What to produce:
All of the lines below are to be transcribed faithfully, with pictures excluded from the copy.

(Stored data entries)
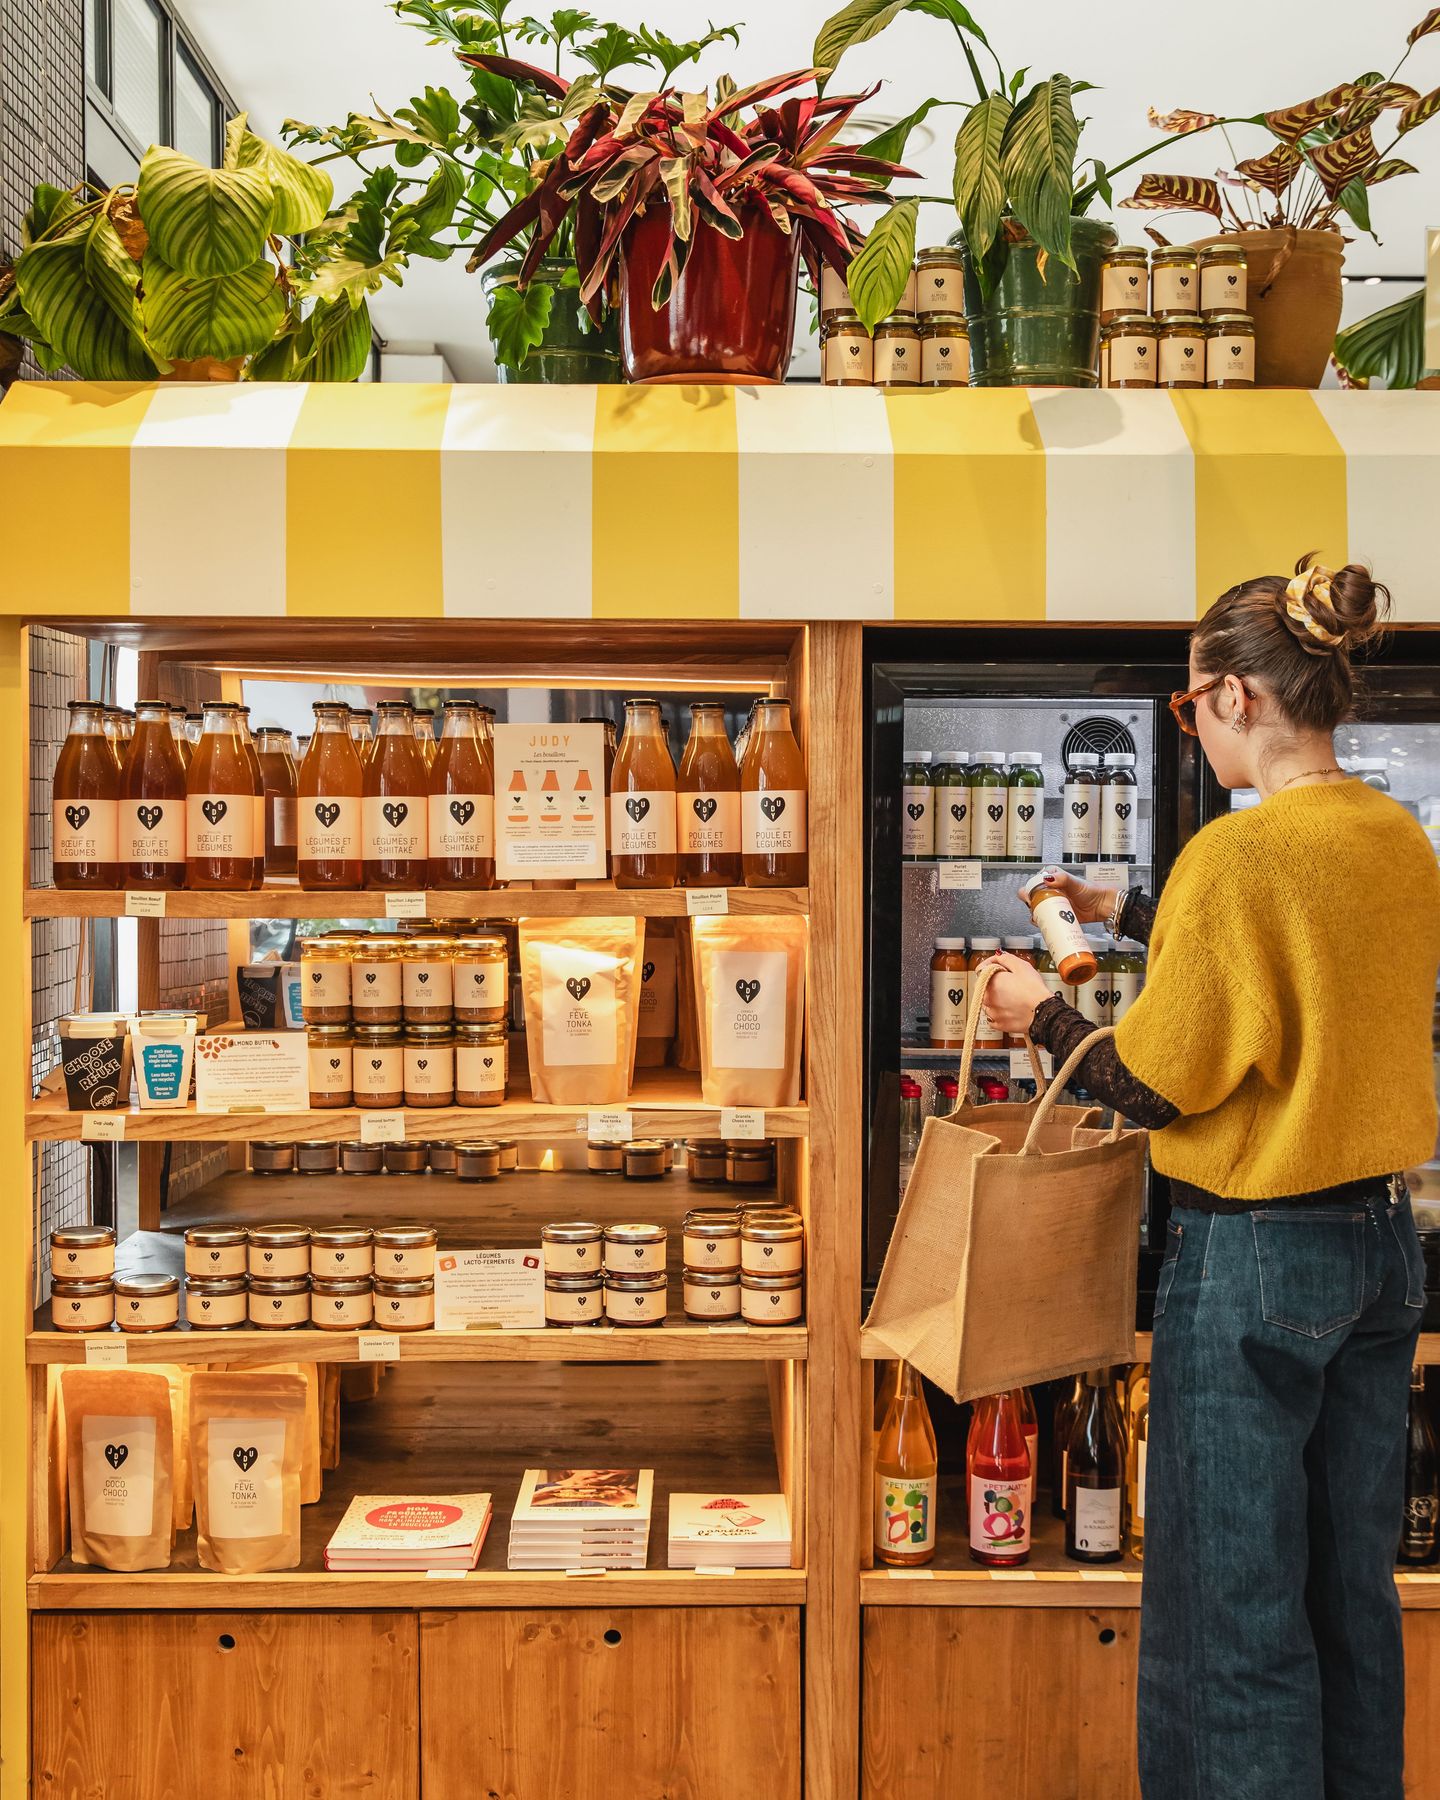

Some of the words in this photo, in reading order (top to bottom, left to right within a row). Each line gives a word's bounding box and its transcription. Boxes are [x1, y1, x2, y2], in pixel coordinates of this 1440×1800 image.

[529, 735, 571, 747] JUDY
[197, 835, 221, 843] BŒUF
[621, 832, 645, 840] POULE
[647, 832, 656, 840] ET
[688, 832, 712, 840] POULE
[714, 831, 723, 839] ET
[755, 831, 780, 839] POULE
[782, 831, 791, 839] ET
[61, 840, 84, 848] BŒUF
[86, 840, 96, 848] ET
[133, 840, 156, 848] BŒUF
[160, 840, 168, 848] ET
[736, 1013, 758, 1021] COCO
[566, 1020, 592, 1028] TONKA
[733, 1022, 761, 1031] CHOCO
[64, 1038, 114, 1075] CHOOSE
[84, 1058, 103, 1075] TO
[78, 1058, 121, 1091] RE-USE
[463, 1258, 515, 1266] LACTO-FERMENTÉS
[105, 1480, 125, 1488] COCO
[102, 1488, 128, 1497] CHOCO
[231, 1492, 257, 1500] TONKA
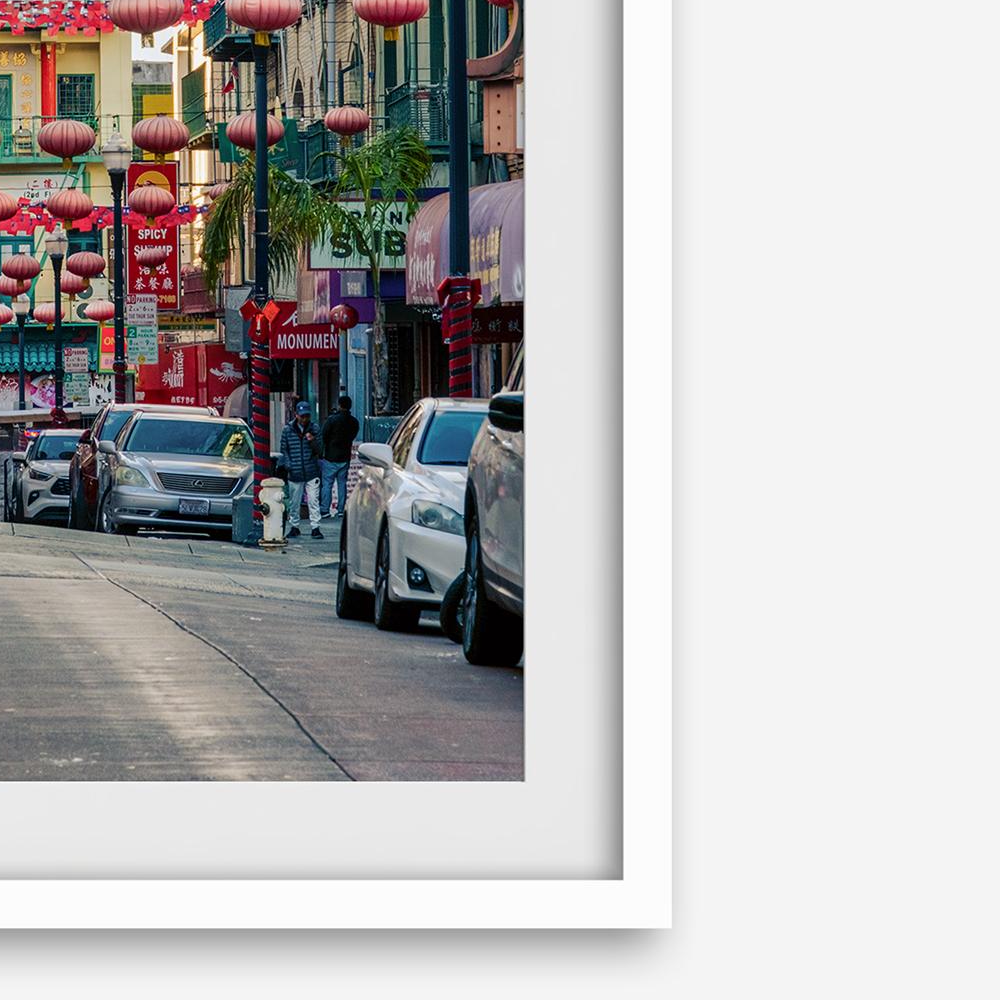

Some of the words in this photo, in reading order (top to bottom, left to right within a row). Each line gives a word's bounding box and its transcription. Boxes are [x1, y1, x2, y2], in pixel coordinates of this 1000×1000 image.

[138, 229, 167, 239] SPICY
[130, 329, 135, 337] 2
[277, 332, 341, 350] MONUMEN
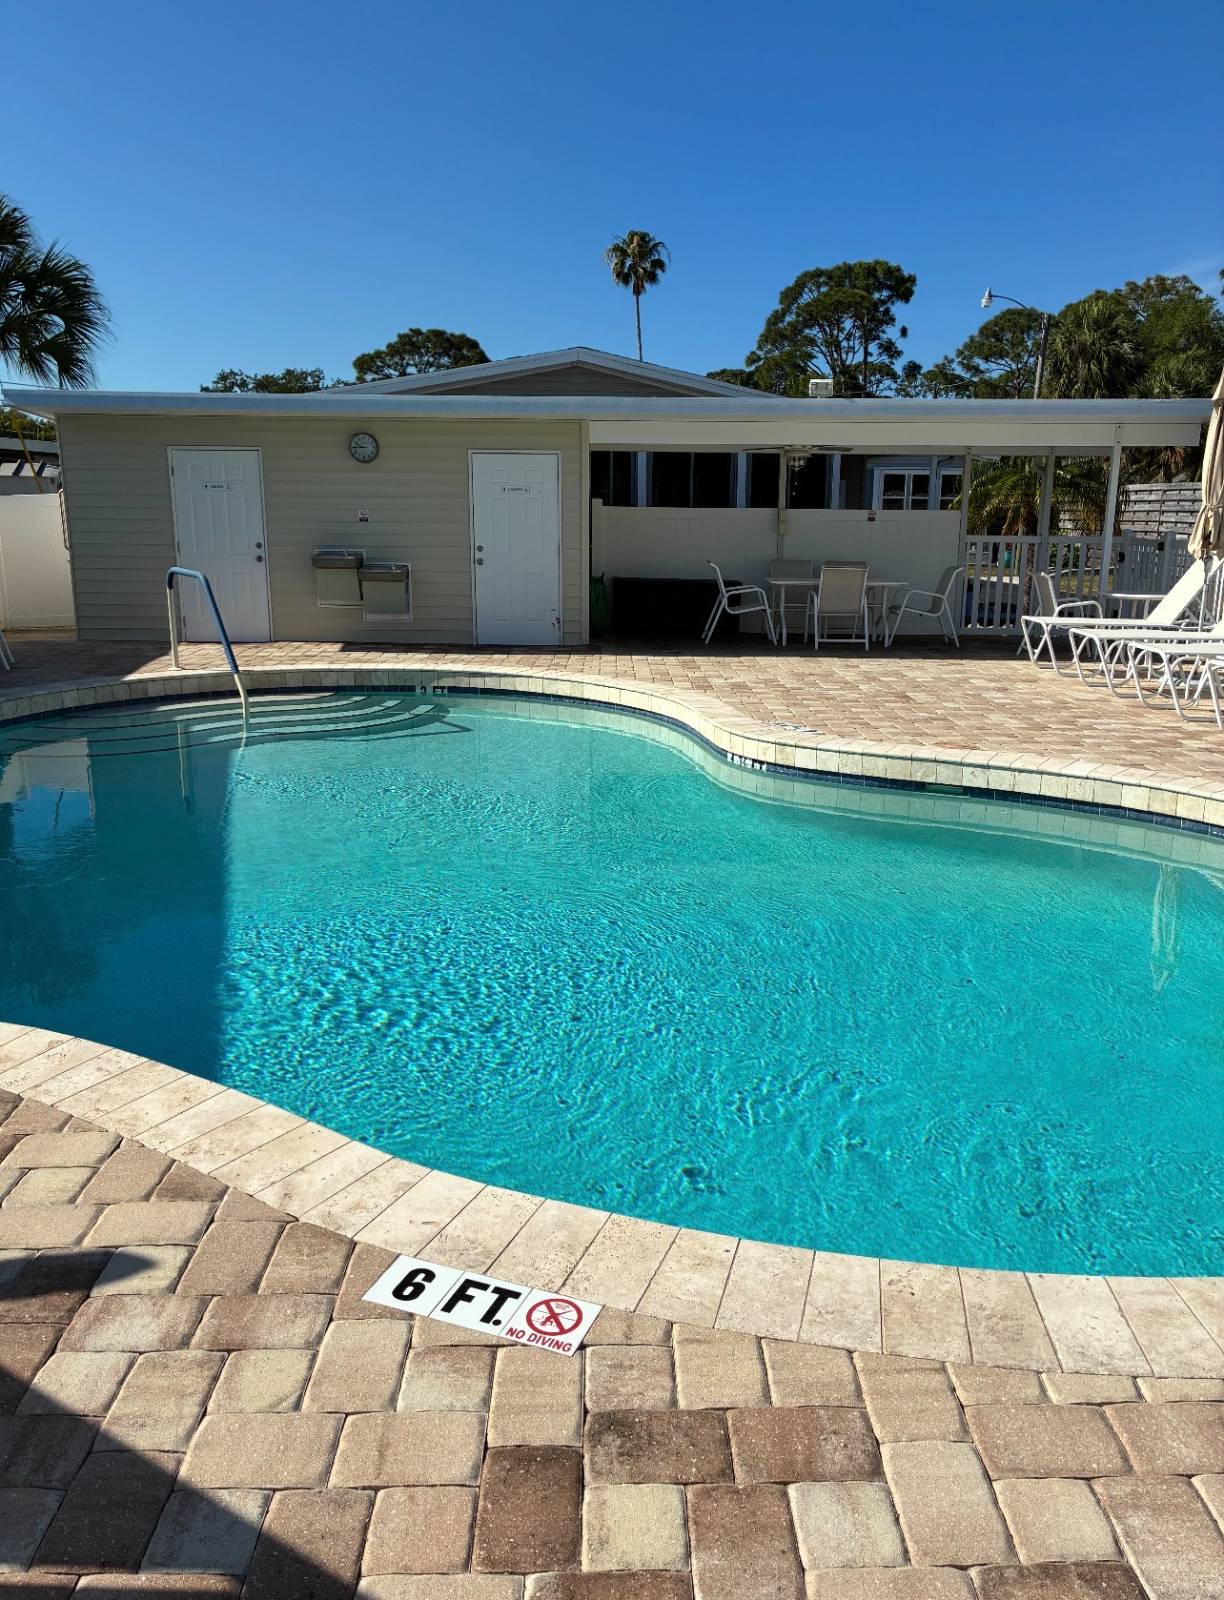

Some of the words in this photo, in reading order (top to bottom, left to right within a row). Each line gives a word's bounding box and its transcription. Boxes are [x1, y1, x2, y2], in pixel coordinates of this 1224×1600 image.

[392, 1268, 436, 1301] 6
[440, 1278, 522, 1326] FT.
[505, 1327, 525, 1340] NO
[527, 1333, 572, 1352] DIVING

Task answer:
Some of the words in this photo, in reading order (top to bottom, left to right within a row). Each line gives a word's bounding box and its transcription. Boxes are [x1, y1, x2, y2], in pixel coordinates of this 1440×1800 image.

[529, 735, 571, 747] JUDY
[197, 835, 221, 843] BŒUF
[621, 832, 645, 840] POULE
[647, 832, 656, 840] ET
[688, 832, 712, 840] POULE
[714, 831, 723, 839] ET
[755, 831, 780, 839] POULE
[782, 831, 791, 839] ET
[61, 840, 84, 848] BŒUF
[86, 840, 96, 848] ET
[133, 840, 156, 848] BŒUF
[160, 840, 168, 848] ET
[736, 1013, 758, 1021] COCO
[566, 1020, 592, 1028] TONKA
[733, 1022, 761, 1031] CHOCO
[64, 1038, 114, 1075] CHOOSE
[84, 1058, 103, 1075] TO
[78, 1058, 121, 1091] RE-USE
[463, 1258, 515, 1266] LACTO-FERMENTÉS
[105, 1480, 125, 1488] COCO
[102, 1488, 128, 1497] CHOCO
[231, 1492, 257, 1500] TONKA

Some of the words in this photo, in reading order (top to bottom, left to right within a row). Each line gives a word's bounding box and its transcription. Boxes are [x1, y1, x2, y2], in pixel coordinates of this 1000×1000 image.

[138, 229, 167, 239] SPICY
[130, 329, 135, 337] 2
[277, 332, 341, 350] MONUMEN

Some of the words in this photo, in reading order (top to bottom, left to right within a row). Each line gives a word's bounding box and its transcription. Boxes are [x1, y1, x2, y2], in pixel coordinates of this 1224×1600 image.

[392, 1268, 436, 1301] 6
[440, 1278, 522, 1326] FT.
[505, 1327, 525, 1340] NO
[527, 1333, 572, 1352] DIVING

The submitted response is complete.